[Data for processing Boundary: Start]

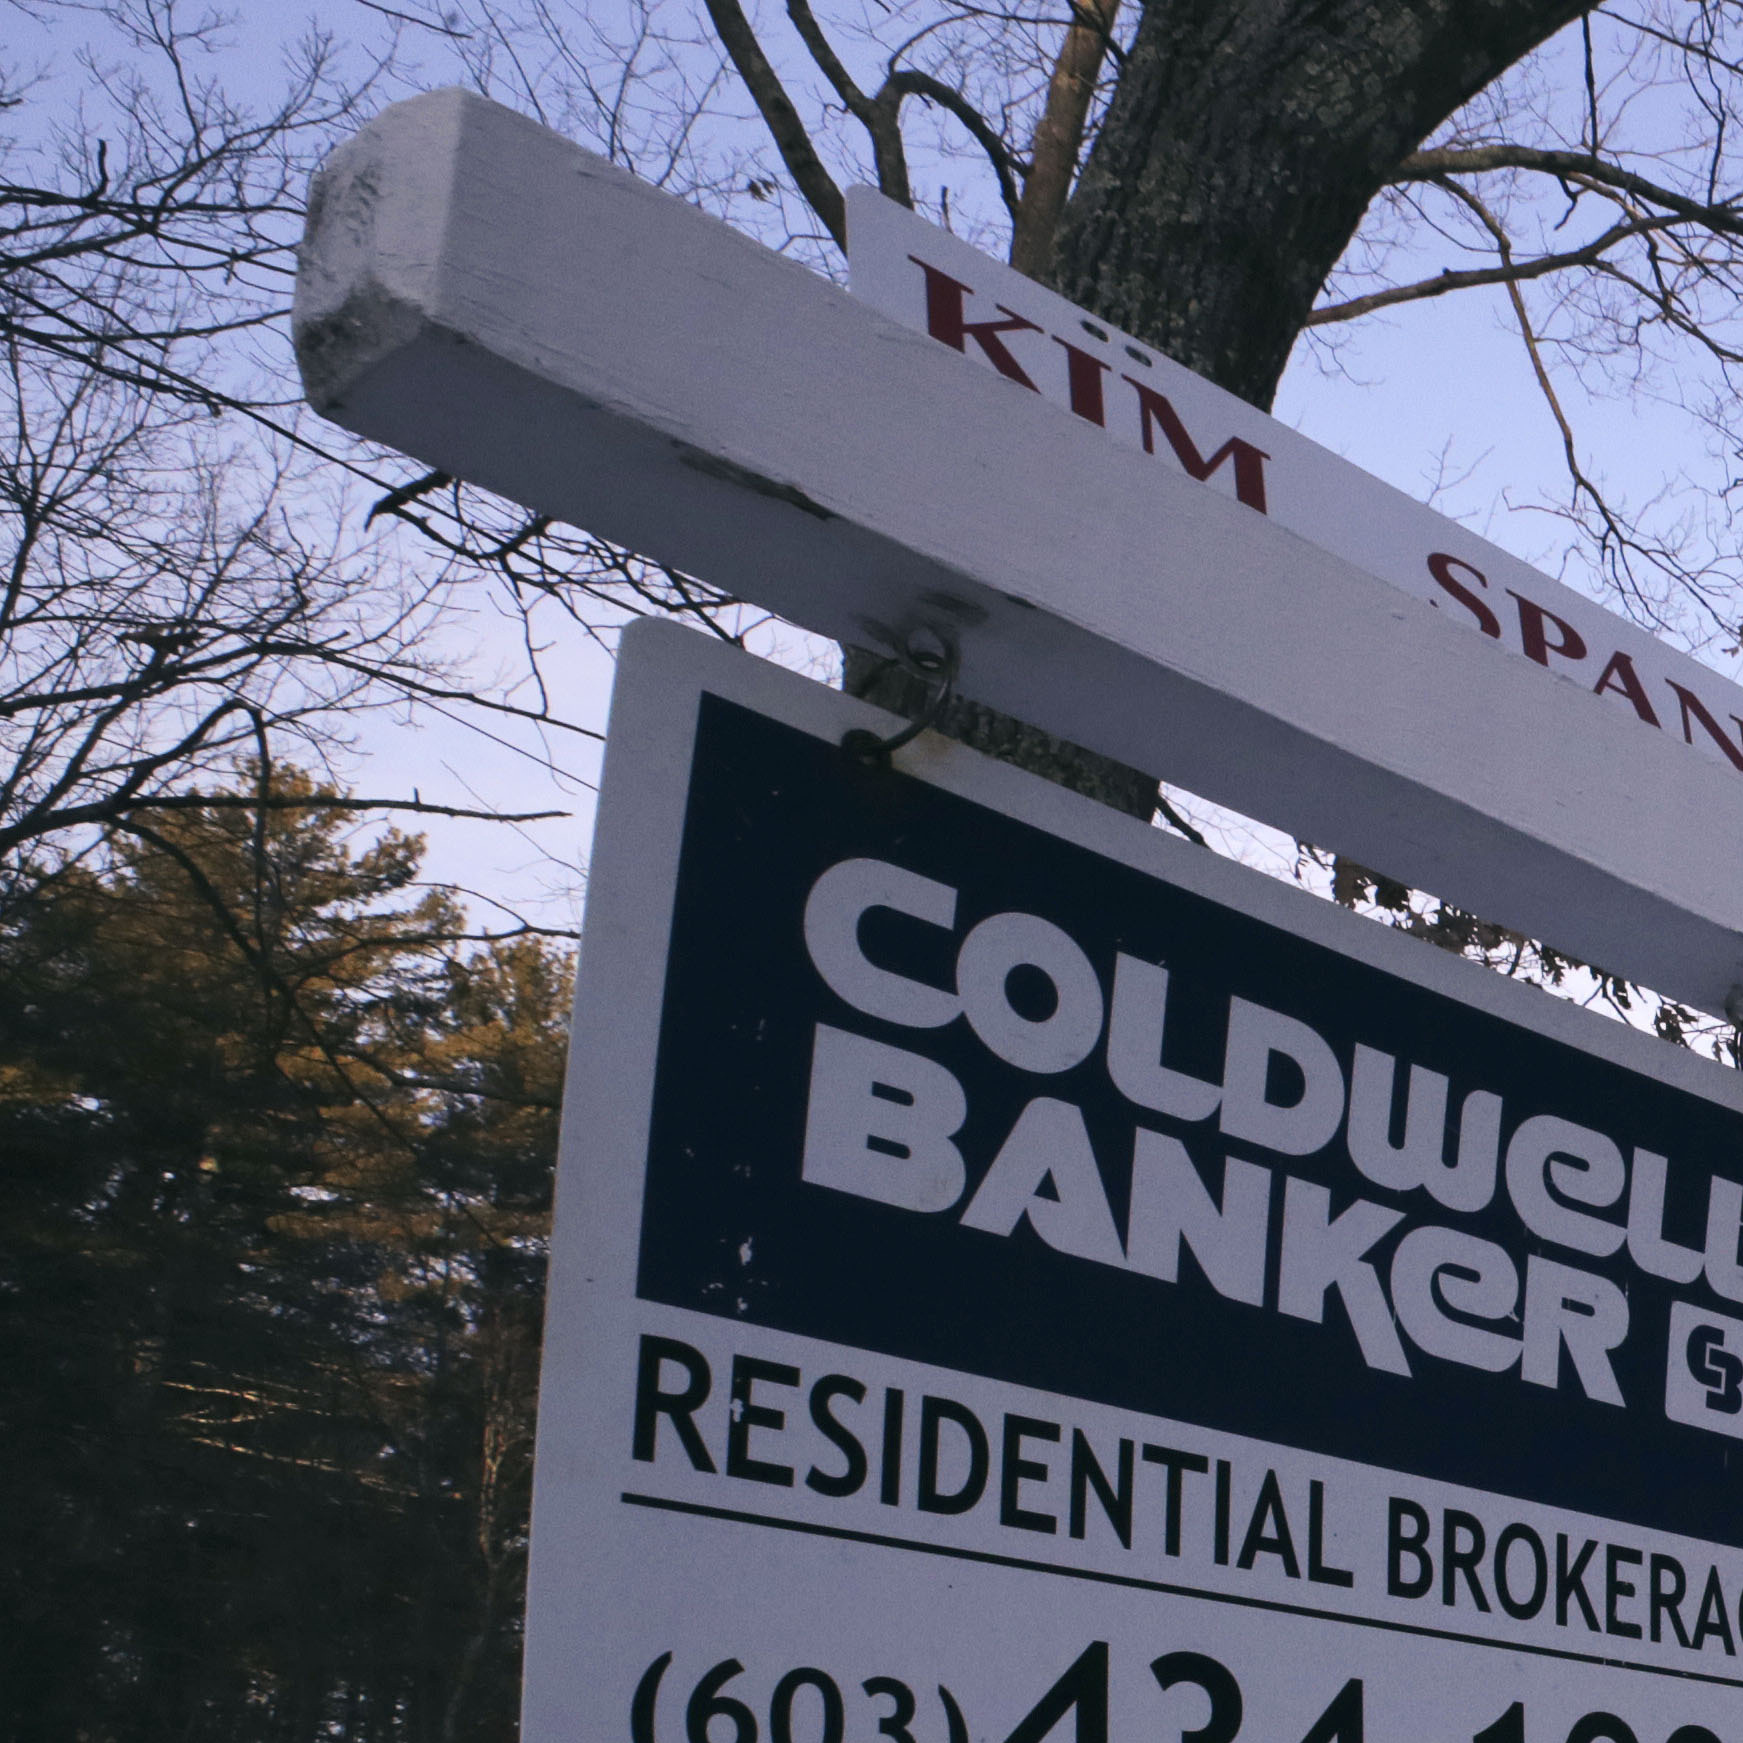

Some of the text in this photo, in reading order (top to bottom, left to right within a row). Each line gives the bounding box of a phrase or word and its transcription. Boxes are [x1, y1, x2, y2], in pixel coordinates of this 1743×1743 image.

[907, 253, 1271, 516] KIM
[801, 1022, 1630, 1409] BANKER
[632, 1333, 1354, 1589] RESIDENTIAL
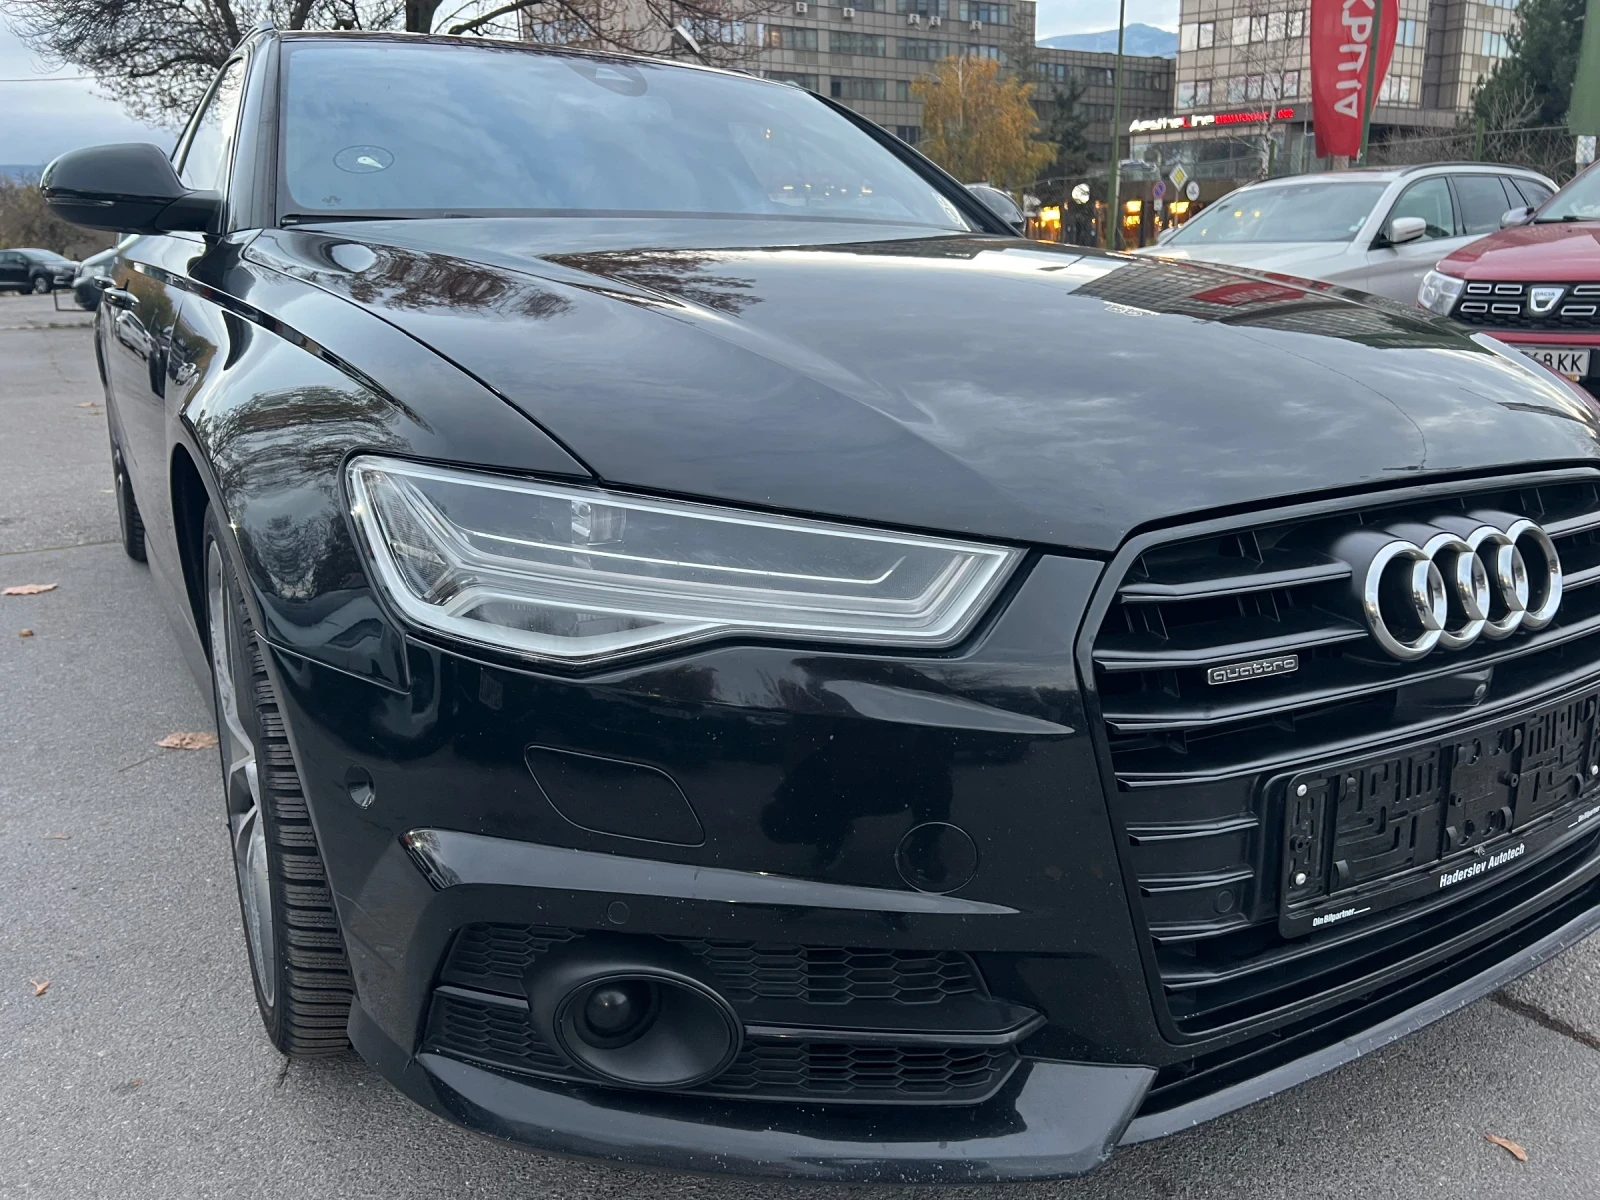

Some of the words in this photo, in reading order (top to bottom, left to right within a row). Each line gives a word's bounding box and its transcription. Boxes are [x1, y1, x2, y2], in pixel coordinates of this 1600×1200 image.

[1213, 659, 1296, 682] quattro
[1439, 860, 1487, 888] Haderslev
[1487, 842, 1525, 870] Autotech
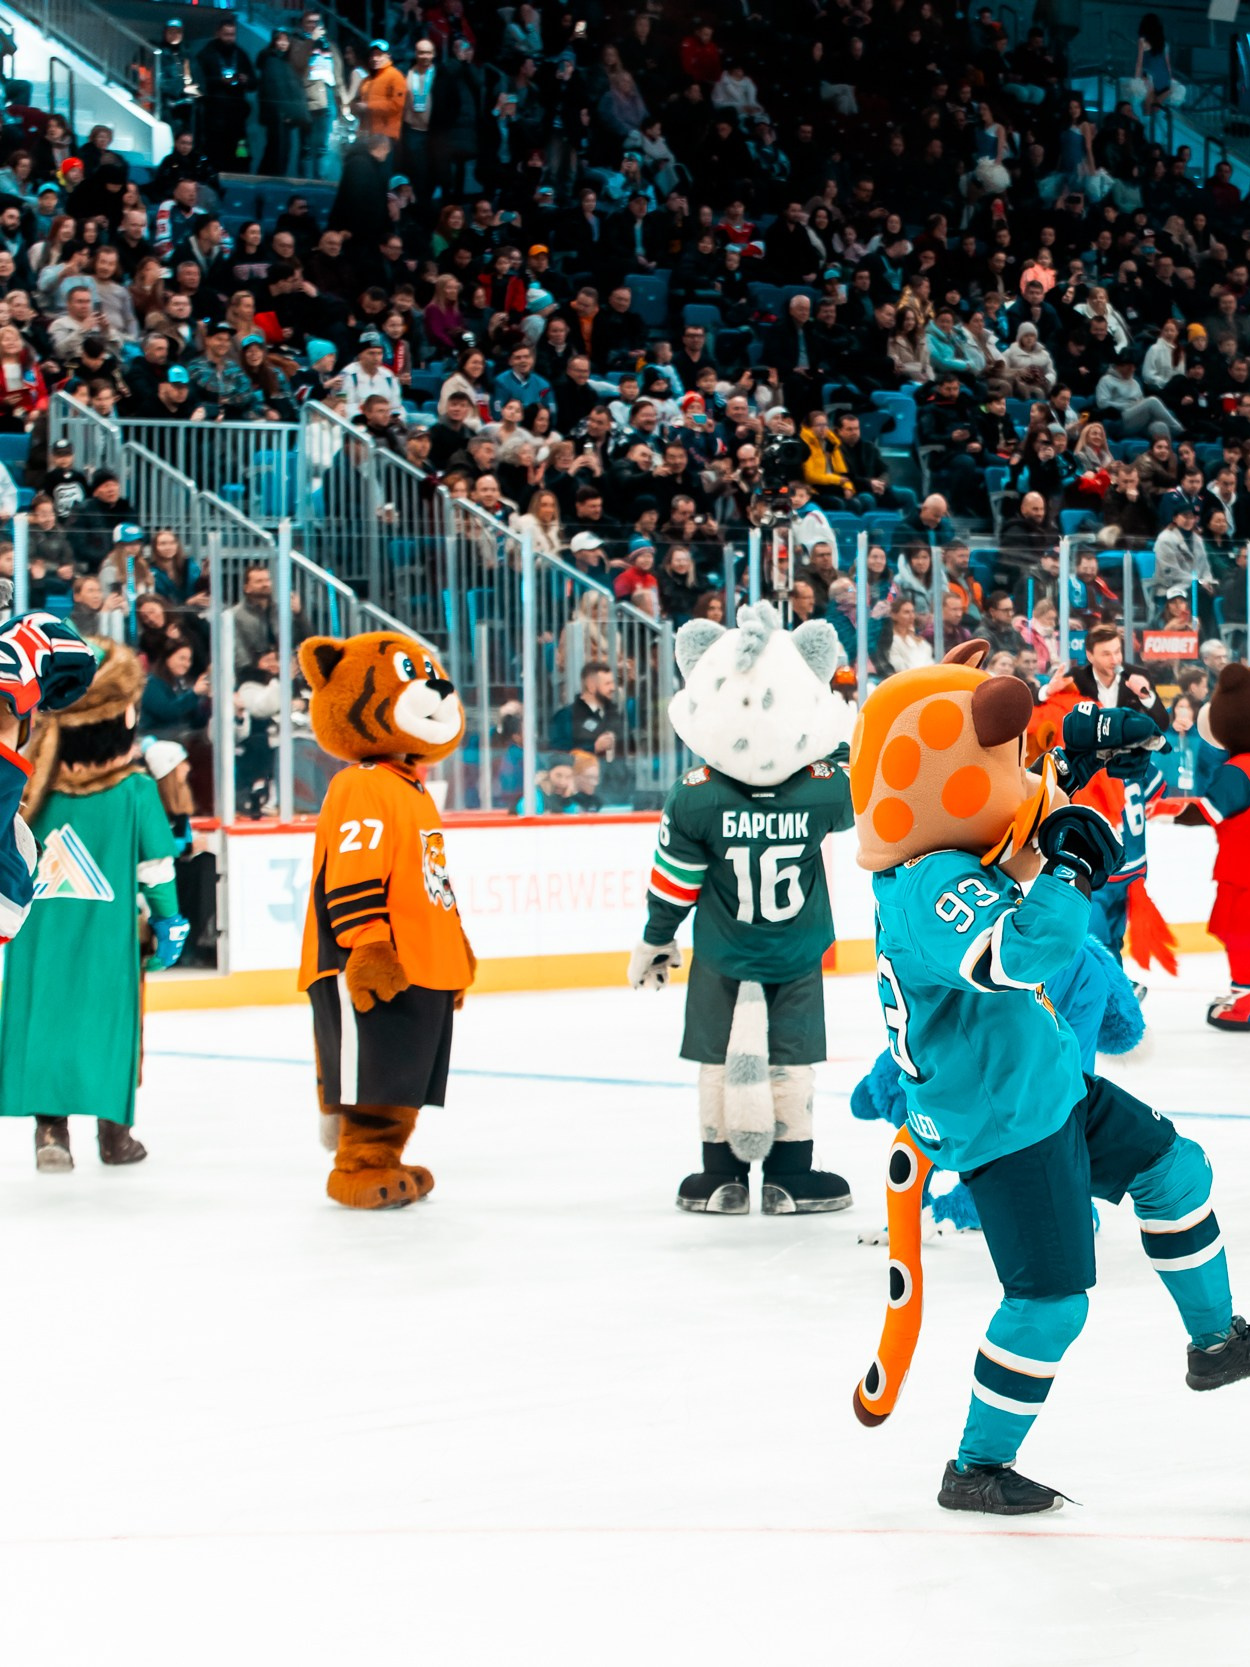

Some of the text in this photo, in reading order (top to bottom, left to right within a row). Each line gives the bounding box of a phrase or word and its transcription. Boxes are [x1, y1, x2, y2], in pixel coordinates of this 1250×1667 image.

[1144, 636, 1197, 653] FONBET
[338, 818, 385, 853] 27
[722, 811, 809, 839] БАРСИК
[725, 844, 806, 925] 16
[934, 878, 1000, 934] 93

[Data for processing Boundary: End]

Assigned task:
Please copy the data shown above precisely, leaving the images out.

Task response:
Some of the text in this photo, in reading order (top to bottom, left to right within a row). Each line gives the bounding box of a phrase or word and its transcription. Boxes are [x1, y1, x2, y2], in pixel coordinates of this 1743×1743 image.

[907, 253, 1271, 516] KIM
[801, 1022, 1630, 1409] BANKER
[632, 1333, 1354, 1589] RESIDENTIAL

Some of the words in this photo, in reading order (top to bottom, left to right within a row). Each line gives a word's bounding box and its transcription. Boxes are [x1, y1, x2, y2], in pixel coordinates of this 1600×1200 image.

[1213, 659, 1296, 682] quattro
[1439, 860, 1487, 888] Haderslev
[1487, 842, 1525, 870] Autotech

Some of the text in this photo, in reading order (top to bottom, left to right within a row). Each line gives the bounding box of a phrase or word and its transcription. Boxes are [x1, y1, x2, y2], in pixel coordinates of this 1250×1667 image.

[1144, 636, 1197, 653] FONBET
[338, 818, 385, 853] 27
[722, 811, 809, 839] БАРСИК
[725, 844, 806, 925] 16
[934, 878, 1000, 934] 93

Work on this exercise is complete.